**AIM OF THE TASK:** Please give every line below again exactly, but not its pictures.

**TASK INPUTS:**
------------------------------

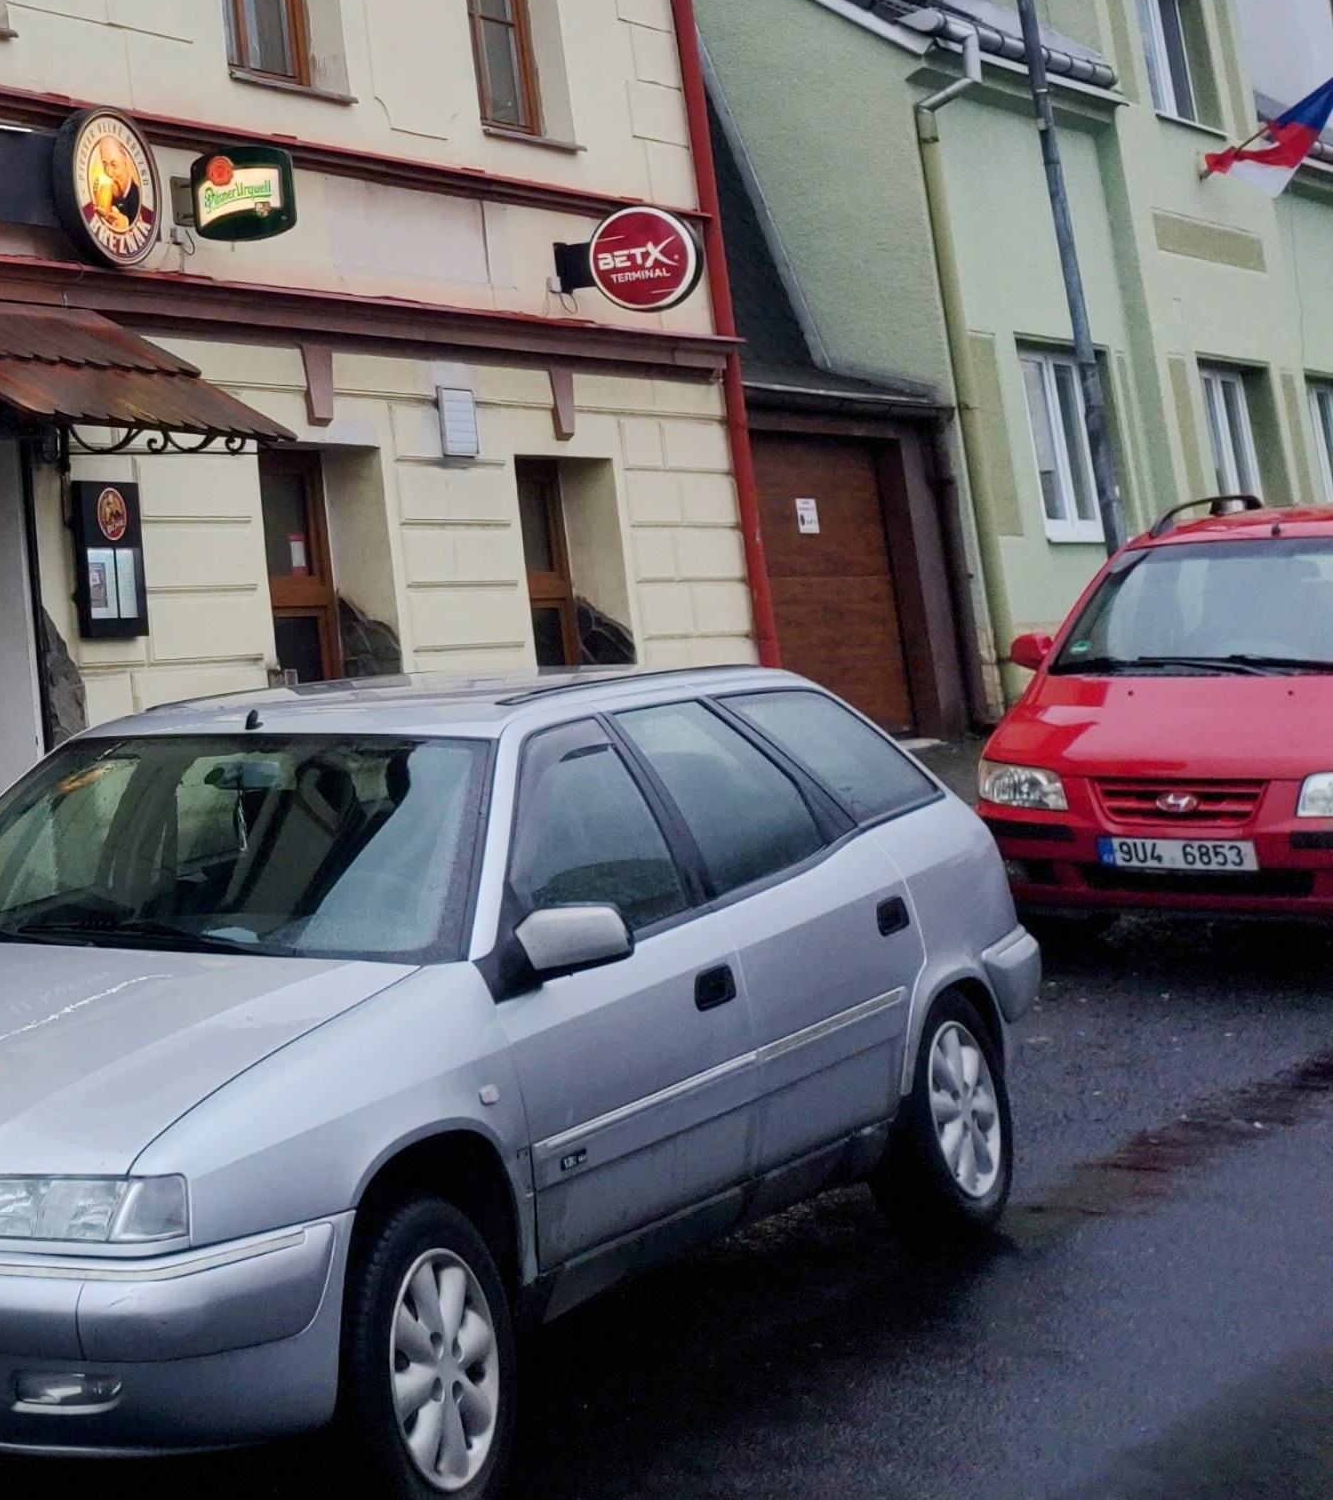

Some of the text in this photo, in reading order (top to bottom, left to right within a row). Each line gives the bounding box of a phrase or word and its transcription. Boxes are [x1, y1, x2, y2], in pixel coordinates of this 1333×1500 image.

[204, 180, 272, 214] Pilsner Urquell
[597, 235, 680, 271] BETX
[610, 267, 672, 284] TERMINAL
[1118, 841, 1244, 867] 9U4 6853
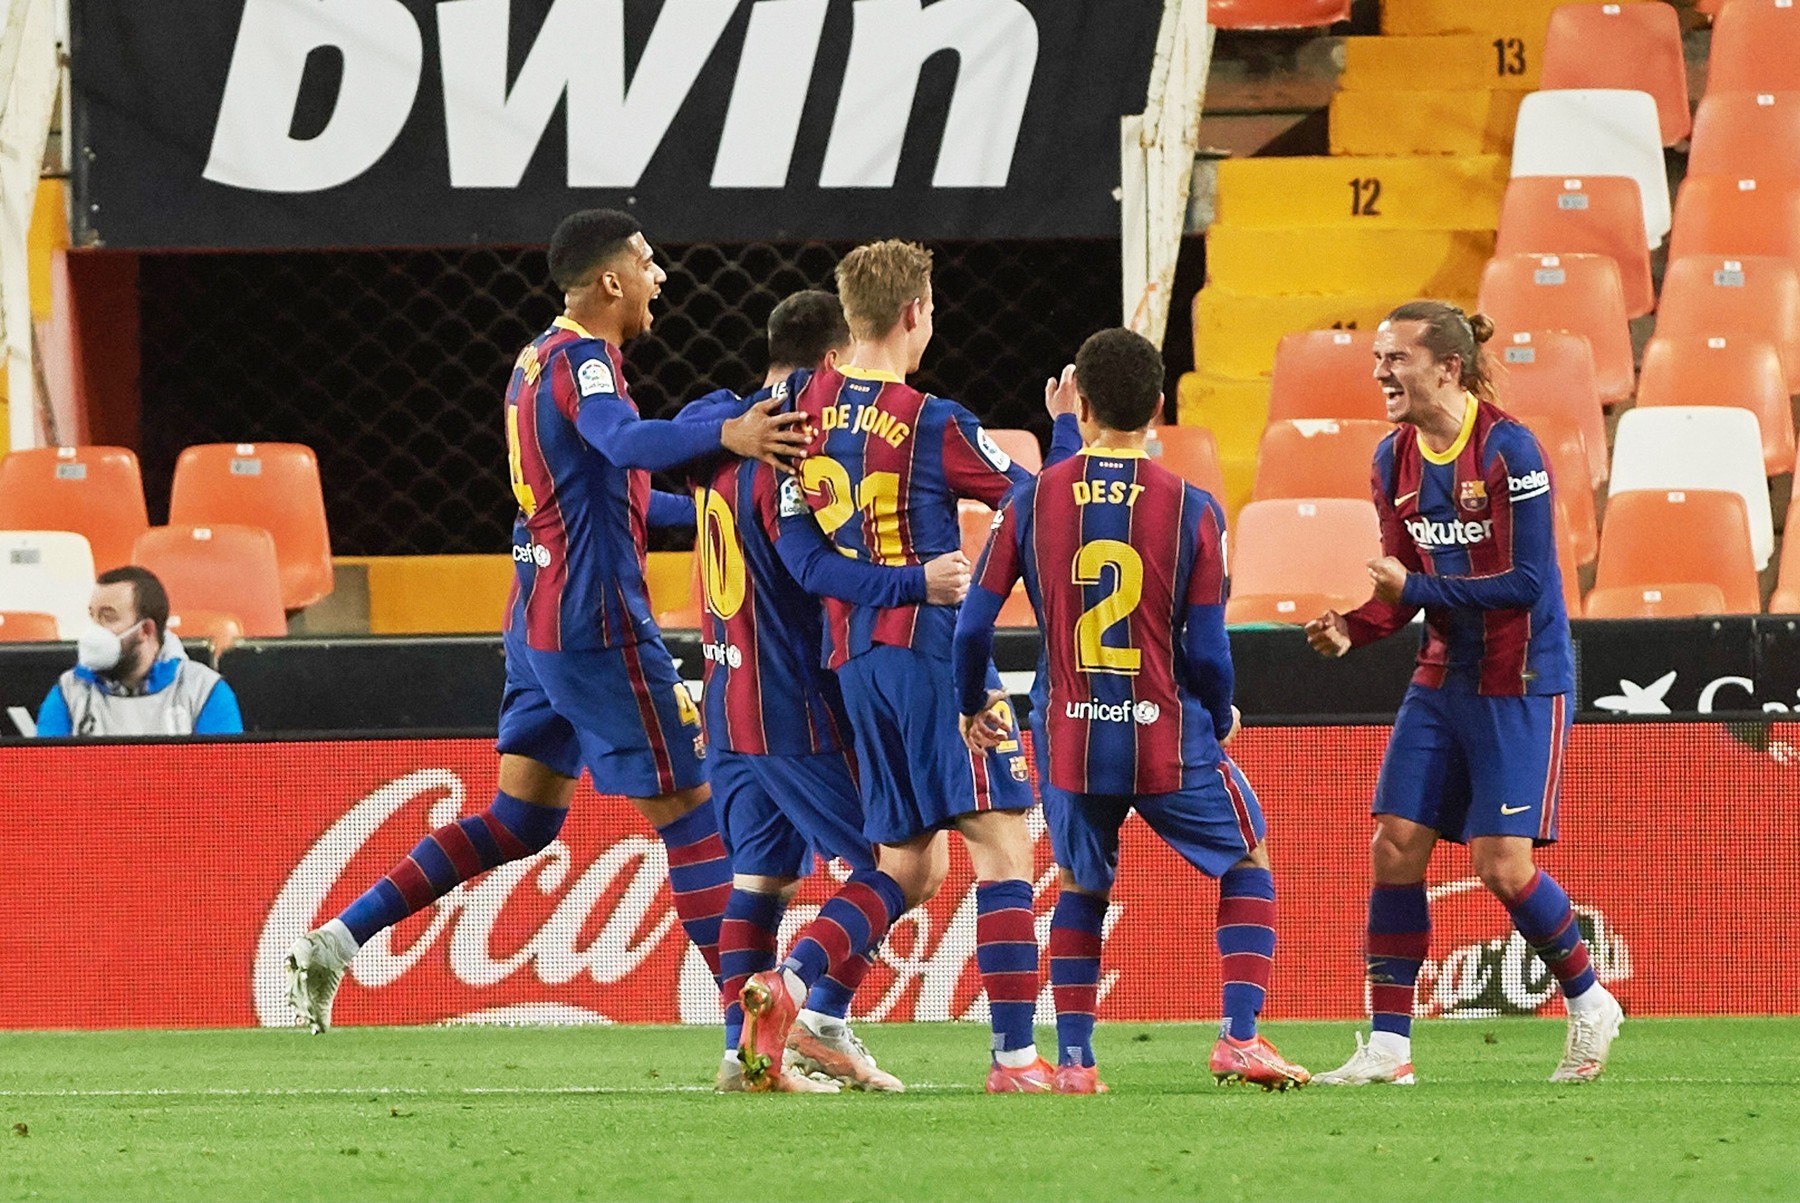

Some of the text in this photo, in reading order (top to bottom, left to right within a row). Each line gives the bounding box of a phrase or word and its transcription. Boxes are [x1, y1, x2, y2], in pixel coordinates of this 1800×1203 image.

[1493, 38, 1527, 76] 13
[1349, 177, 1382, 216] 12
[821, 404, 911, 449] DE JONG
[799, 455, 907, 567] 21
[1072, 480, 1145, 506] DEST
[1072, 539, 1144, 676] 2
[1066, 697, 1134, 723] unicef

------------------------------

**EXPECTED OUTPUT:**
Some of the text in this photo, in reading order (top to bottom, left to right within a row). Each line gives the bounding box of a phrase or word and its transcription. Boxes are [x1, y1, x2, y2], in pixel coordinates of this 1333×1500 image.

[204, 180, 272, 214] Pilsner Urquell
[597, 235, 680, 271] BETX
[610, 267, 672, 284] TERMINAL
[1118, 841, 1244, 867] 9U4 6853

Some of the text in this photo, in reading order (top to bottom, left to right within a row). Each line gives the bounding box of a phrase or word and its transcription. Boxes are [x1, y1, x2, y2], in pixel coordinates of this 1800×1203 image.

[1493, 38, 1527, 76] 13
[1349, 177, 1382, 216] 12
[821, 404, 911, 449] DE JONG
[799, 455, 907, 567] 21
[1072, 480, 1145, 506] DEST
[1072, 539, 1144, 676] 2
[1066, 697, 1134, 723] unicef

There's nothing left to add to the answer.